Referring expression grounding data
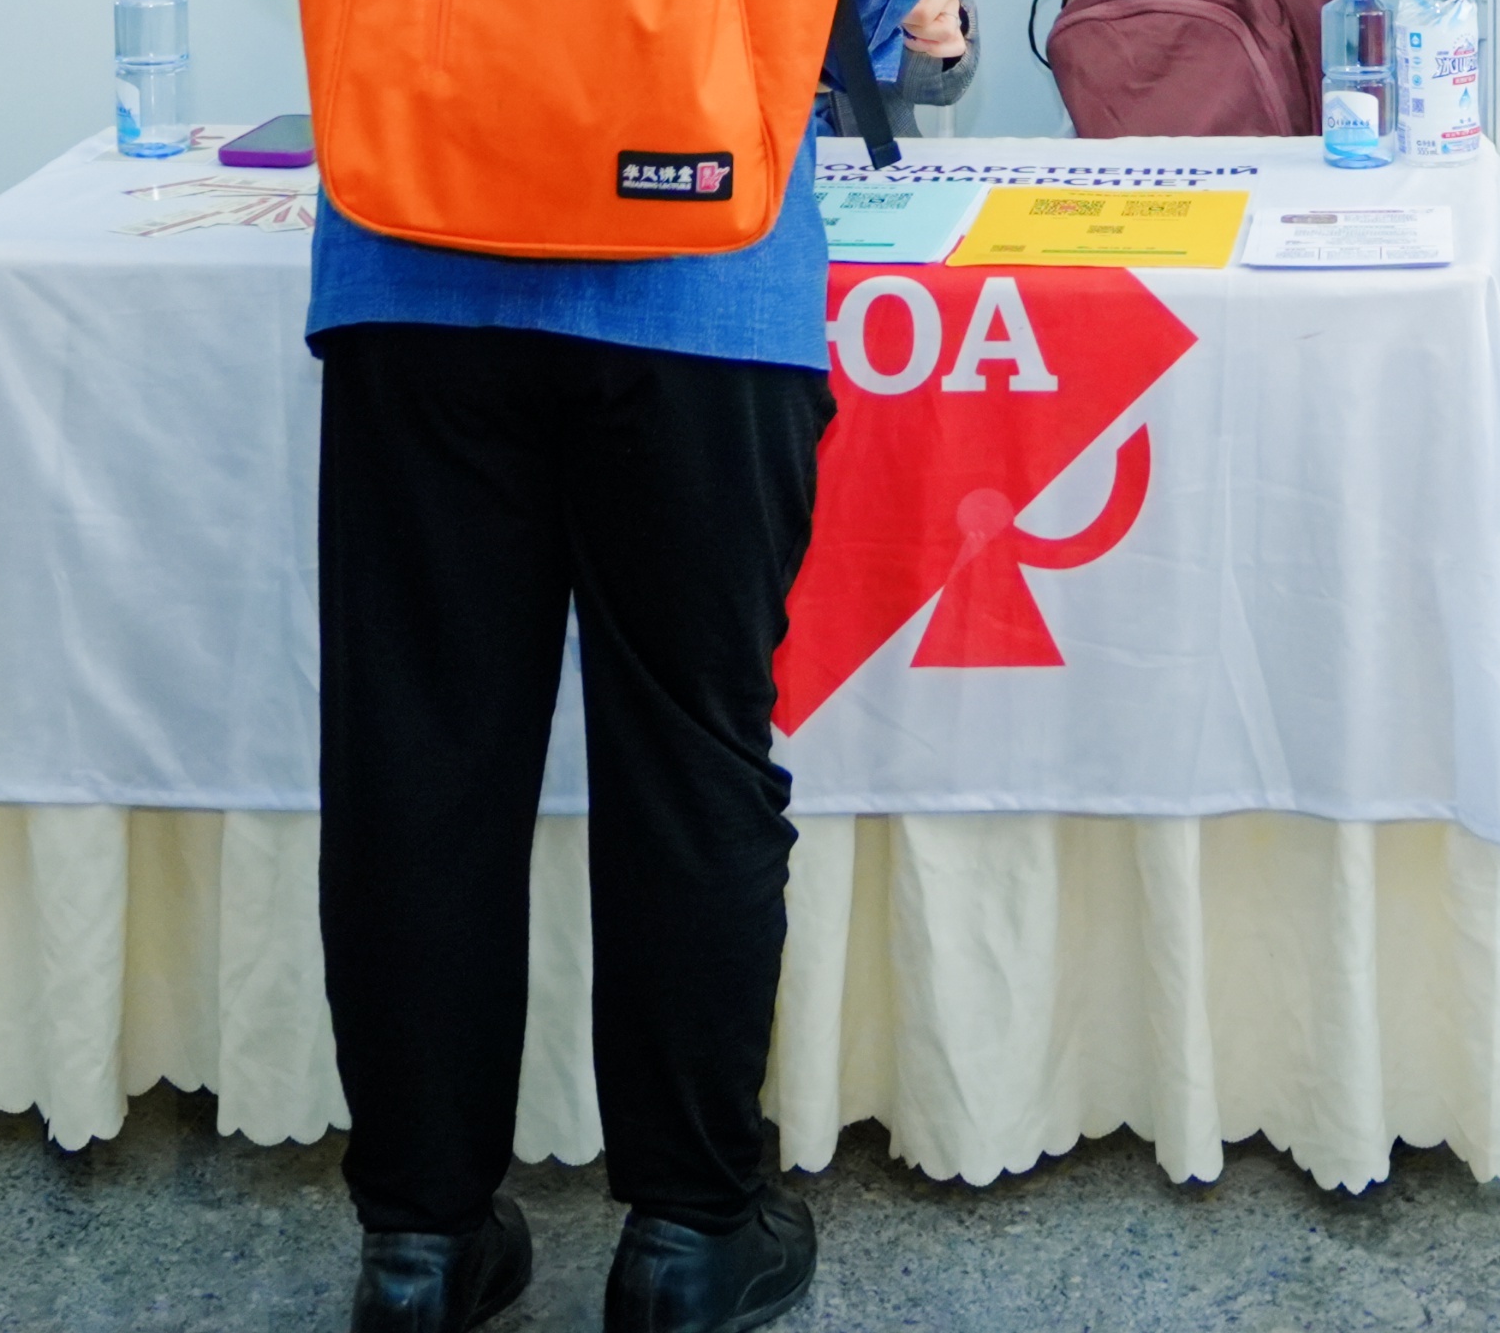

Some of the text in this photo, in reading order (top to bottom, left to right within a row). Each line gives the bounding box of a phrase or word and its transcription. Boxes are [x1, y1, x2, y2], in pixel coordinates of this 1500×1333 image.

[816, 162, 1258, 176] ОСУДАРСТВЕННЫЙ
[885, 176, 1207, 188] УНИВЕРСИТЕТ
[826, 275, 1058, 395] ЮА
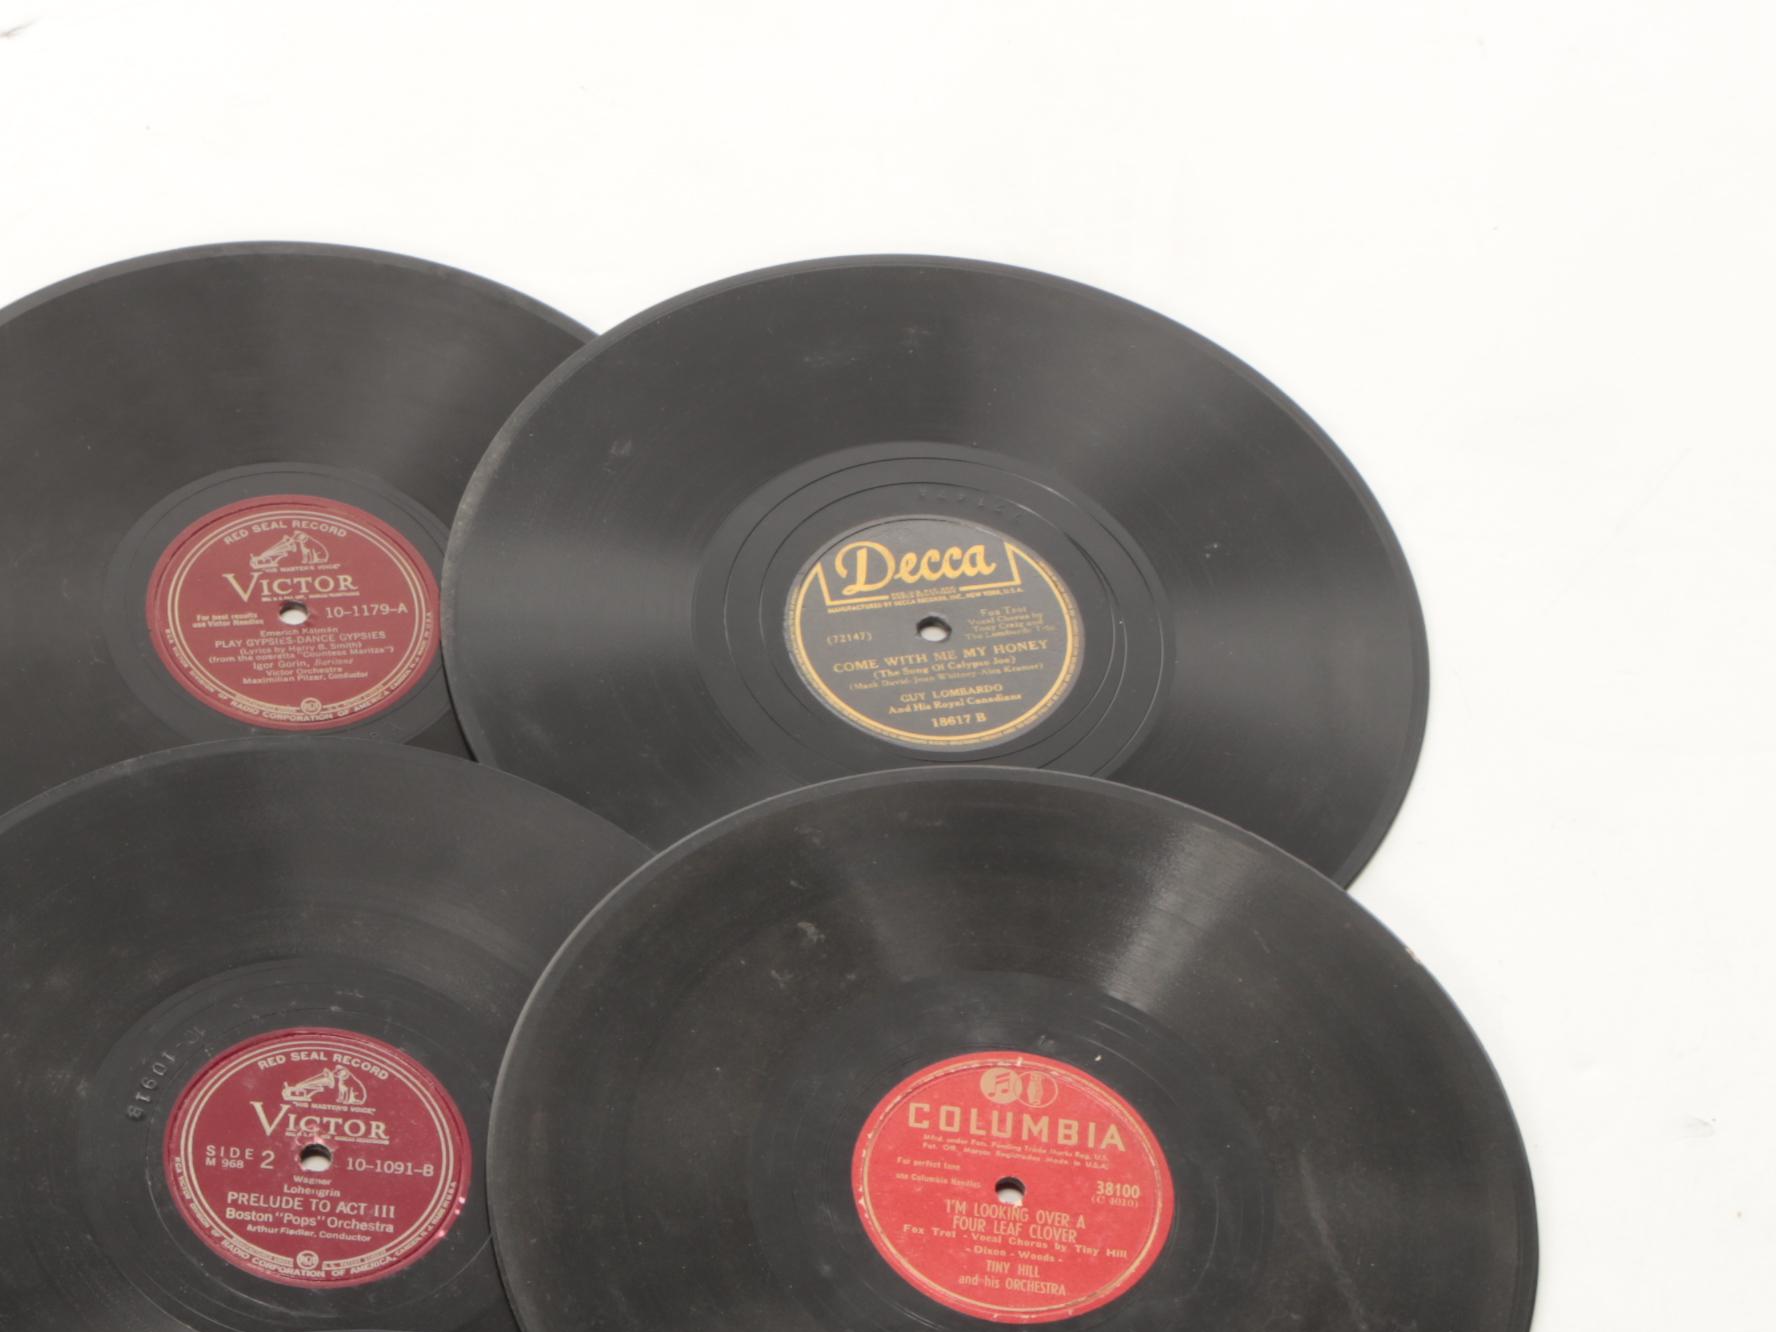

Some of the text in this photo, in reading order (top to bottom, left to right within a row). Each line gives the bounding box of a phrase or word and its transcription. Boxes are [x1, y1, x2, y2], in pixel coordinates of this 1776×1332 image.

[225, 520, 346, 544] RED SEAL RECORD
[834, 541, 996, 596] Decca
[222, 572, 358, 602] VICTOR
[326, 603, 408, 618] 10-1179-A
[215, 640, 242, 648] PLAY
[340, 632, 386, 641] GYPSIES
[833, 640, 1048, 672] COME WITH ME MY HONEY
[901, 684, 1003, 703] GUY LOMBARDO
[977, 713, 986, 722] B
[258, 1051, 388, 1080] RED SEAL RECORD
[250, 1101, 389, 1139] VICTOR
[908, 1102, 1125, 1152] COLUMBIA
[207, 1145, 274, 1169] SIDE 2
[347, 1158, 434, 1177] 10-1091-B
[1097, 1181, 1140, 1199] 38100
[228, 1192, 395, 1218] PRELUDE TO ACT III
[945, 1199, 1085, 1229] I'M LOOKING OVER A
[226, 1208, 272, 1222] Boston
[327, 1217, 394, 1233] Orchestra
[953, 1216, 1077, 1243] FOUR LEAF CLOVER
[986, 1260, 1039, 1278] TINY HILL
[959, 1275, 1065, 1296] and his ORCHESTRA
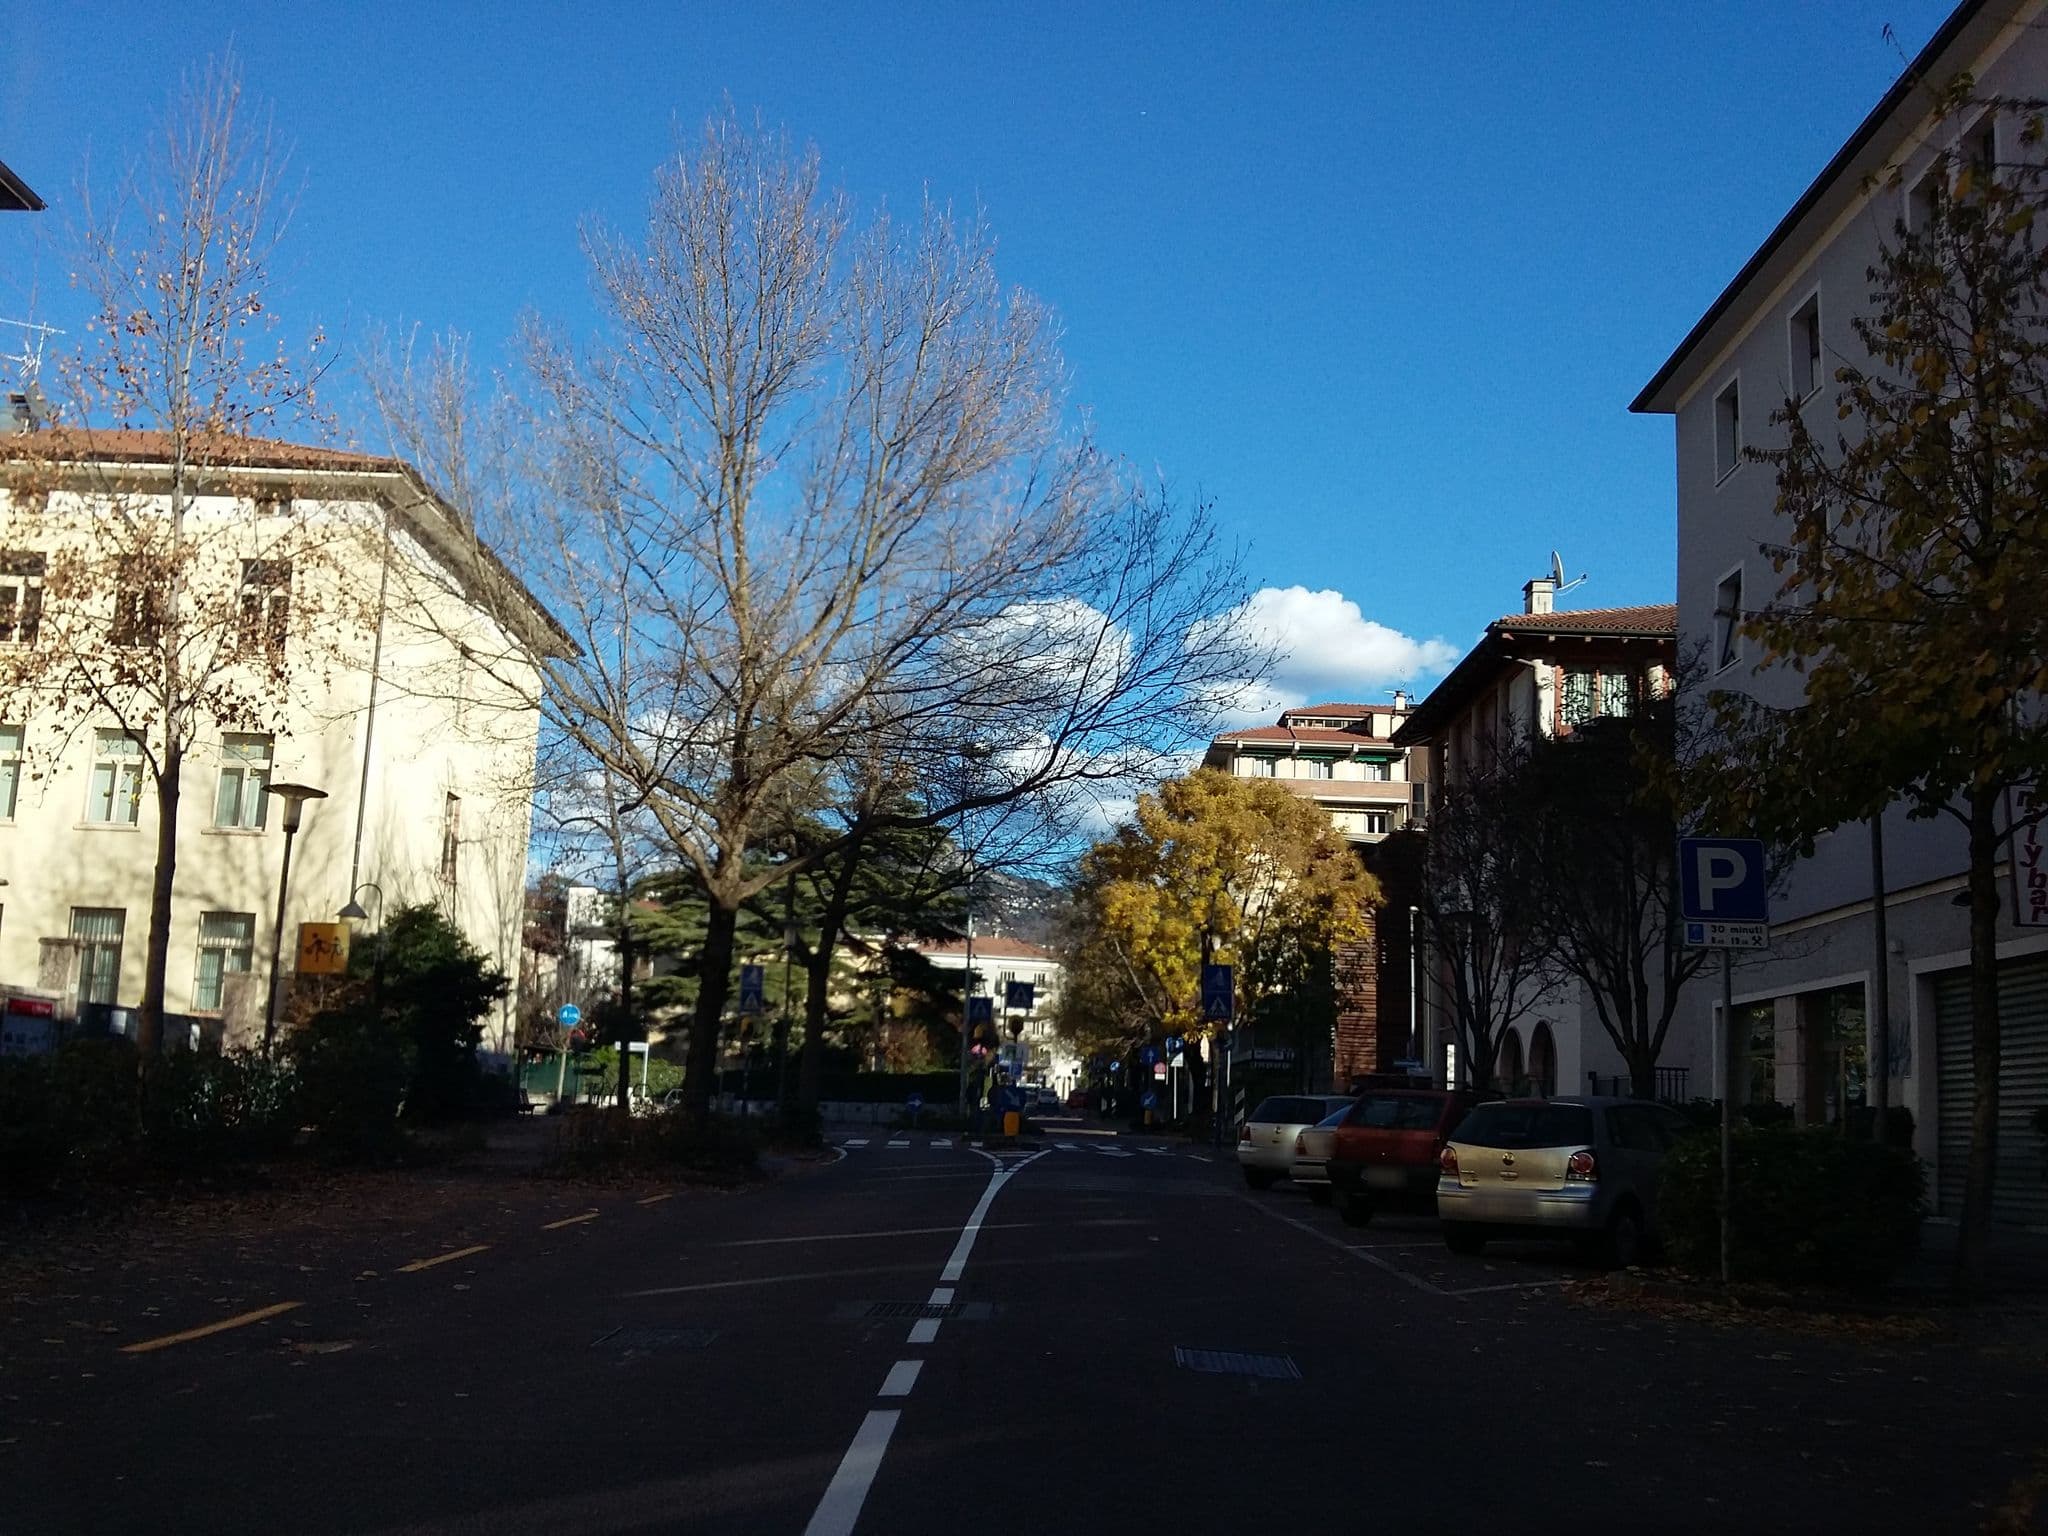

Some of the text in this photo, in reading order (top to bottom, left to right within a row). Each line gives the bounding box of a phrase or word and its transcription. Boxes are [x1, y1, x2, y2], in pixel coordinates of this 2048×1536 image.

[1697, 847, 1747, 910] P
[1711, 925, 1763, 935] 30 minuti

> _Work item_
Reproduce only those lines of the entries above that run from the line with "this 2048×1536 image." to the final line.

> _Finished exercise_
Some of the text in this photo, in reading order (top to bottom, left to right within a row). Each line gives the bounding box of a phrase or word and its transcription. Boxes are [x1, y1, x2, y2], in pixel coordinates of this 2048×1536 image.

[1697, 847, 1747, 910] P
[1711, 925, 1763, 935] 30 minuti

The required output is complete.